The idea behind logistic regression is very simple. We want to draw a line in feature space that divides the ‘1’ samples from the ‘0’ samples, just like in the diagram above. In other words, we wish to find the “regression” line which divides the samples. Now, a line has the form $w_1 x_1 + w_2 x_2 + w_0 = 0$ in 2-dimensions. On one side of this line we have
\[w_1 x_1 + w_2 x_2 + w_0 \ge 0,\]and on the other side we have
\[w_1 x_1 + w_2 x_2 + w_0 < 0.\]Our classification rule then becomes:
\[\begin{eqnarray} y = 1 &if& \v{w}\cdot\v{x} \ge 0\\ y = 0 &if& \v{w}\cdot\v{x} < 0 \end{eqnarray}\]where $\v{x}$ is the vector ${1,x_1, x_2,…,x_n}$ where we have also generalized to more than 2 features.
What hypotheses $h$ can we use to achieve this? One way to do so is to use the sigmoid function:
\[h(z) = \frac{1}{1 + e^{-z}}.\]Notice that at $z=0$ this function has the value 0.5. If $z > 0$, $h > 0.5$ and as $z \to \infty$, $h \to 1$. If $z < 0$, $h < 0.5$ and as $z \to -\infty$, $h \to 0$. As long as we identify any value of $y > 0.5$ as 1, and any $y < 0.5$ as 0, we can achieve what we wished above.
This function is plotted below:
h = lambda z: 1./(1+np.exp(-z))
zs=np.arange(-5,5,0.1)
plt.plot(zs, h(zs), alpha=0.5);
So we then come up with our rule by identifying:
\[z = \v{w}\cdot\v{x}.\]Then $h(\v{w}\cdot\v{x}) \ge 0.5$ if $\v{w}\cdot\v{x} \ge 0$ and $h(\v{w}\cdot\v{x}) \lt 0.5$ if $\v{w}\cdot\v{x} \lt 0$, and:
\[\begin{eqnarray} y = 1 &if& h(\v{w}\cdot\v{x}) \ge 0.5\\ y = 0 &if& h(\v{w}\cdot\v{x}) \lt 0.5. \end{eqnarray}\]We said above that if $h > 0.5$ we ought to identify the sample with $y=1$? One way of thinking about this is to identify $h(\v{w}\cdot\v{x})$ with the probability that the sample is a ‘1’ ($y=1$). Then we have the intuitive notion that lets identify a sample as 1 if we find that the probabilty of being a ‘1’ is $\ge 0.5$.
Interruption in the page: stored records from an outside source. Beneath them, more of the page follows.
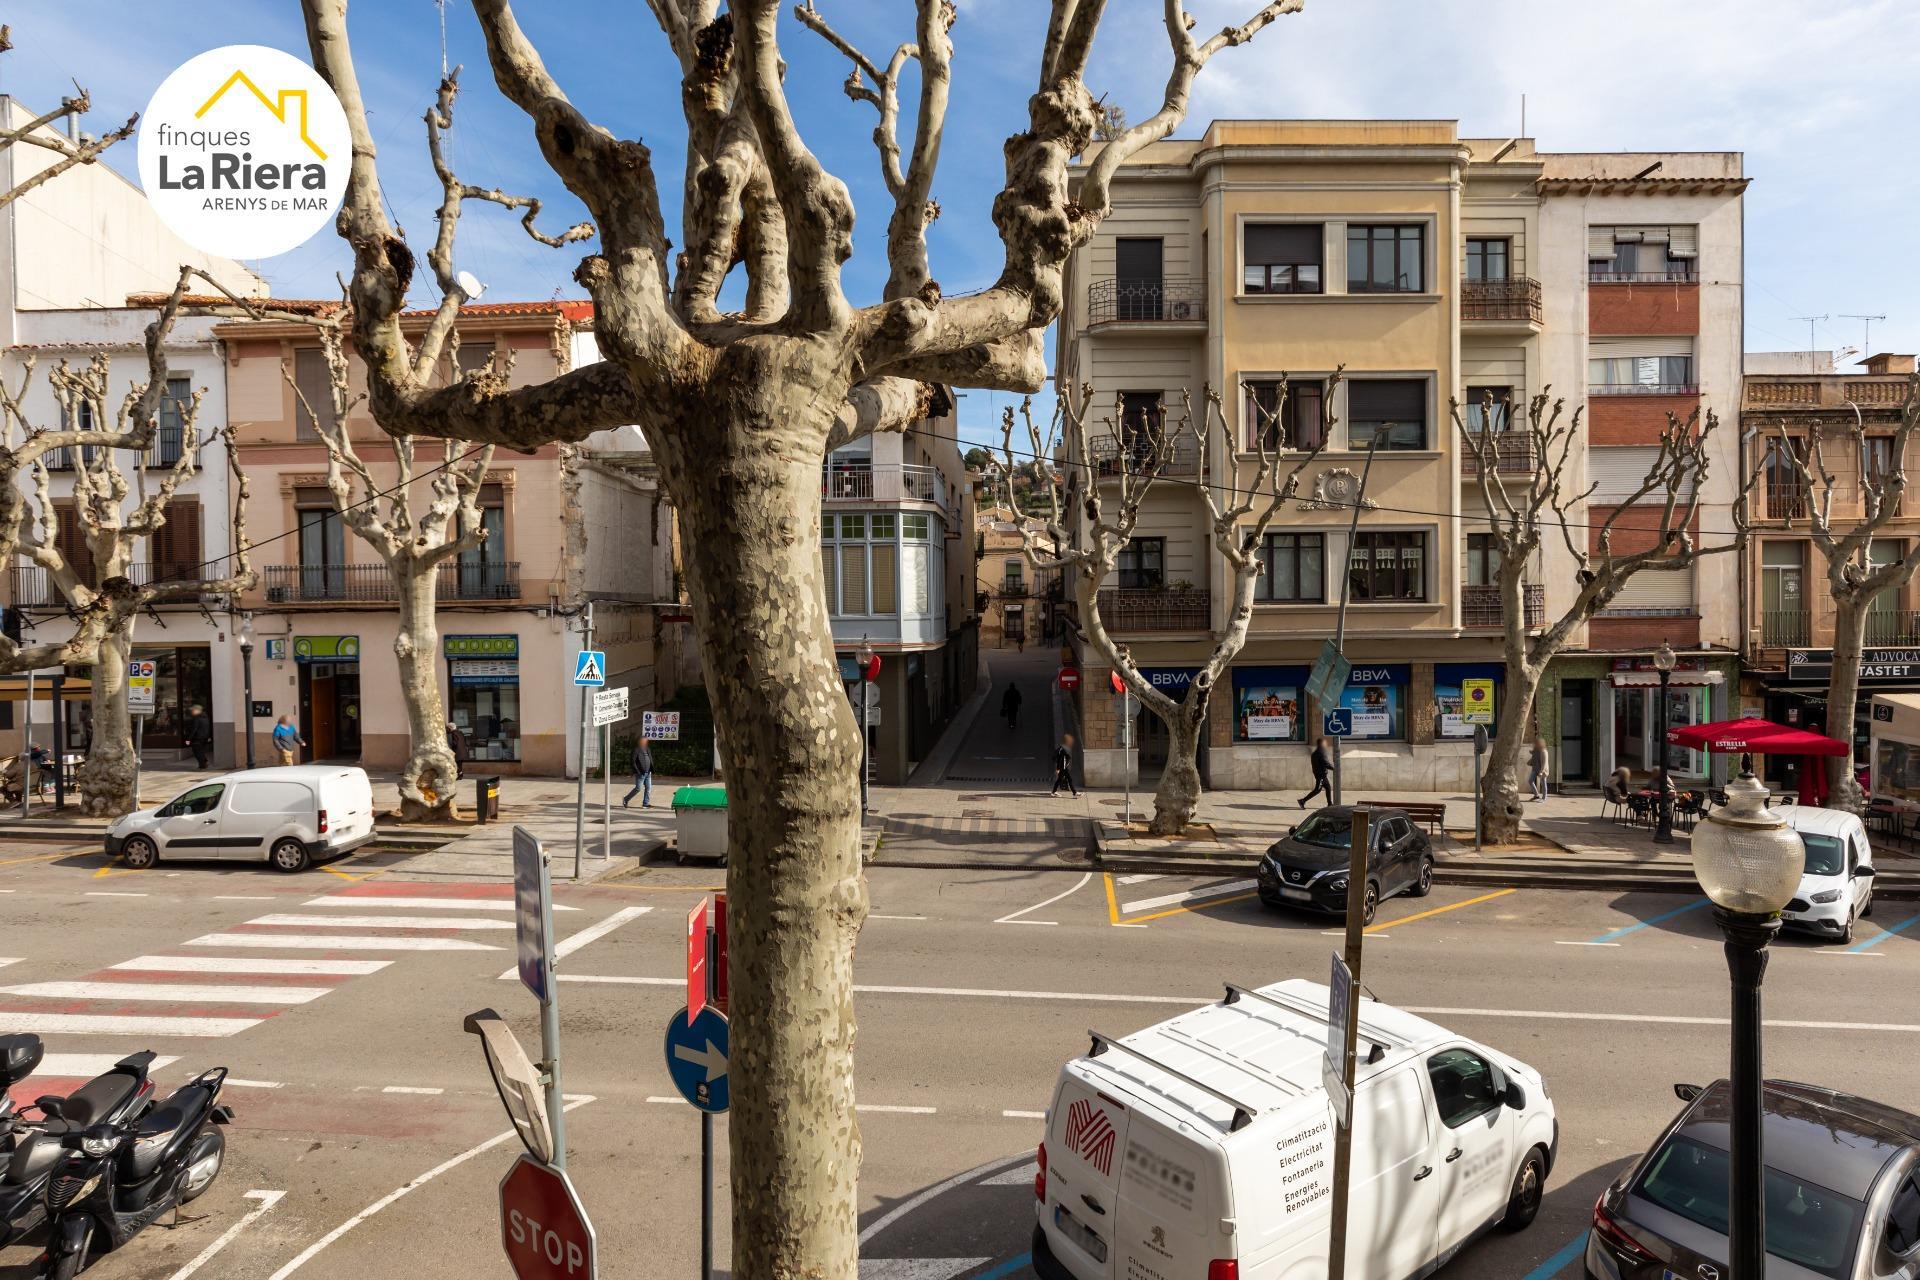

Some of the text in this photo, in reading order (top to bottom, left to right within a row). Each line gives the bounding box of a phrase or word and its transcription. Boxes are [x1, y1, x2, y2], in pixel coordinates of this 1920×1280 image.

[1872, 651, 1920, 662] ADVOCA
[1152, 671, 1191, 685] BBVA
[1352, 669, 1391, 681] BBVA
[1276, 1120, 1327, 1151] Climatització
[1279, 1142, 1323, 1168] Electricitat
[1282, 1160, 1324, 1186] Fontaneria
[1284, 1180, 1319, 1203] Energies
[1286, 1186, 1330, 1215] Renovables
[509, 1208, 583, 1274] STOP
So suppose we say then that the probability of $y=1$ for a given $\v{x}$ is given by $h(\v{w}\cdot\v{x})$?
Then, the conditional probabilities of $y=1$ or $y=0$ given a particular sample’s features $\v{x}$ are:
\[\begin{eqnarray} P(y=1 | \v{x}) &=& h(\v{w}\cdot\v{x}) \\ P(y=0 | \v{x}) &=& 1 - h(\v{w}\cdot\v{x}). \end{eqnarray}\]These two can be written together as
\[P(y|\v{x}, \v{w}) = h(\v{w}\cdot\v{x})^y \left(1 - h(\v{w}\cdot\v{x}) \right)^{(1-y)}\]Then multiplying over the samples we get the probability of the training $y$ given $\v{w}$ and the $\v{x}$:
\[P(y|\v{x},\v{w}) = P(\{y_i\} | \{\v{x}_i\}, \v{w}) = \prod_{y_i \in \cal{D}} P(y_i|\v{x_i}, \v{w}) = \prod_{y_i \in \cal{D}} h(\v{w}\cdot\v{x_i})^{y_i} \left(1 - h(\v{w}\cdot\v{x_i}) \right)^{(1-y_i)}\]Why use probabilities? Earlier, we talked about how the regression function $f(x)$ never gives us the $y$ exactly, because of noise. This hold for classification too. Even with identical features, a different sample may be classified differently.
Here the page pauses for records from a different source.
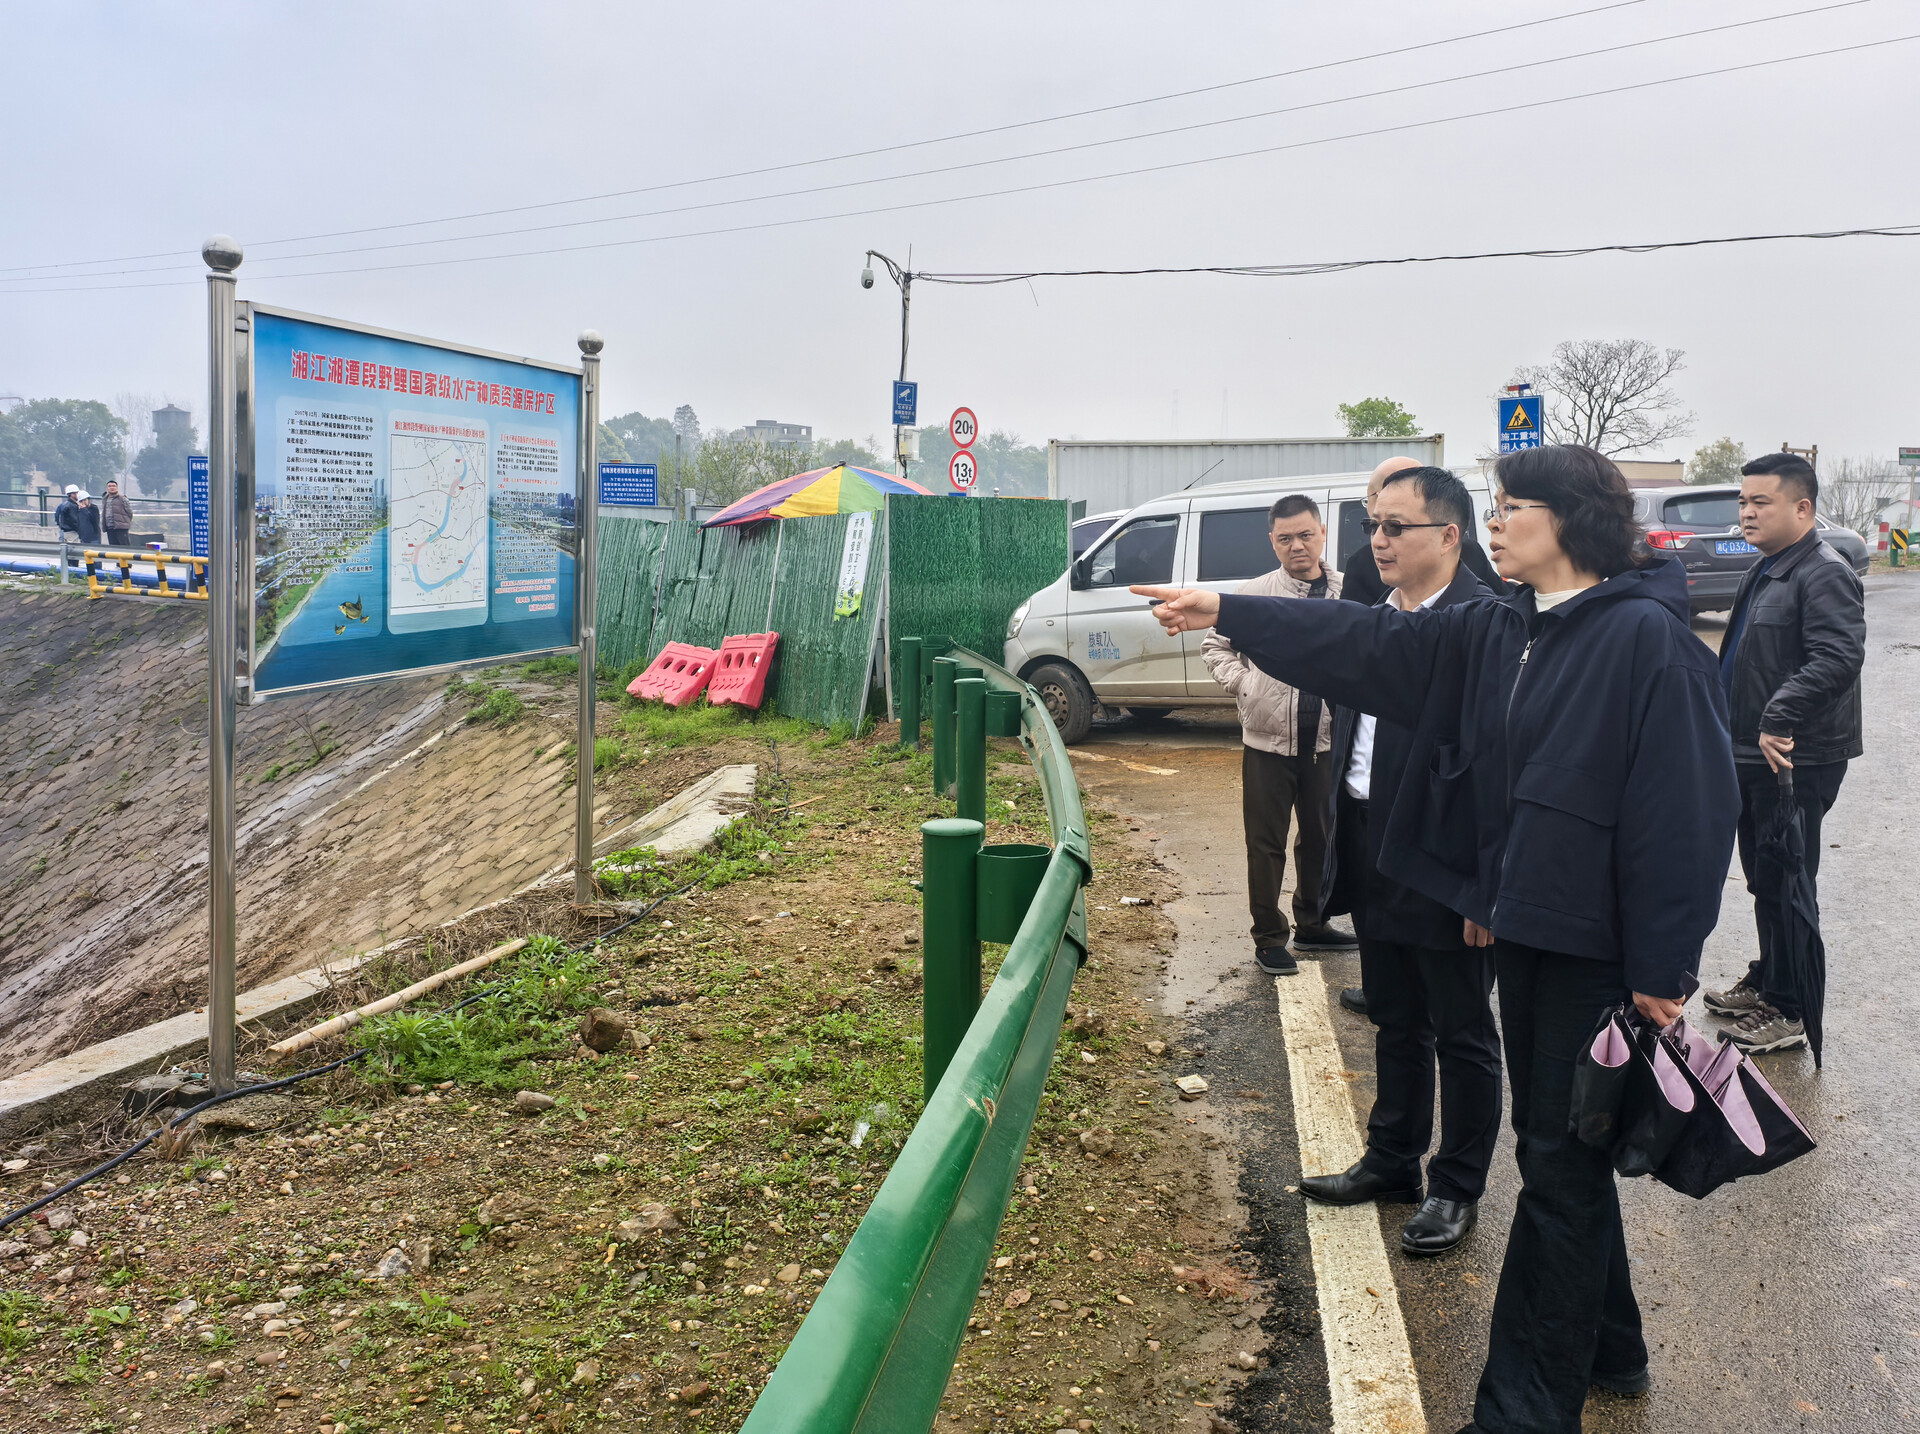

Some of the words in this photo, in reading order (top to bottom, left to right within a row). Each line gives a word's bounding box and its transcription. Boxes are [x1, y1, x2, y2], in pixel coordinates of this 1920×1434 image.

[291, 348, 556, 415] 湘江湘潭段野鲤国家级水产种质资源保护区
[954, 420, 974, 435] 20t
[1501, 431, 1538, 441] 施工重地
[1502, 442, 1538, 452] 闲人免入
[954, 463, 972, 478] 13t
We said that another way to think about a noisy $y$ is to imagine that our data $\dat$ was generated from a joint probability distribution $P(x,y)$. Thus we need to model $y$ at a given $x$, written as $P(y \mid x)$, and since $P(x)$ is also a probability distribution, we have:
\[P(x,y) = P(y \mid x) P(x) ,\]and can obtain our joint probability ($P(x, y))$.
Indeed its important to realize that a particular sample can be thought of as a draw from some “true” probability distribution. If for example the probability of classifying a sample point as a ‘0’ was 0.1, and it turns out that the sample point was actually a ‘0’, it does not mean that this model was necessarily wrong. After all, in roughly a 10th of the draws, this new sample would be classified as a ‘0’! But, of-course its more unlikely than its likely, and having good probabilities means that we’ll be likely right most of the time, which is what we want to achieve in classification.
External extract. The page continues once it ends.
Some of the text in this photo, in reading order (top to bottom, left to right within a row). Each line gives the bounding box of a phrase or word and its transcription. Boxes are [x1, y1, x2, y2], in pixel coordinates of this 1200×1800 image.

Thus its desirable to have probabilistic, or at the very least, ranked models of classification where you can tell which sample is more likely to be classified as a ‘1’.
Now if we maximize \(P(y \mid \v{x},\v{w})\), we will maximize the chance that each point is classified correctly, which is what we want to do. This is a principled way of obtaining the highest probability classification. This maximum likelihood estimation maximises the likelihood of the sample y,
\[\like = P(y \mid \v{x},\v{w}).\]Again, we can equivalently maximize
\[\loglike = log(P(y \mid \v{x},\v{w}))\]since the natural logarithm $log$ is a monotonic function. This is known as maximizing the log-likelihood.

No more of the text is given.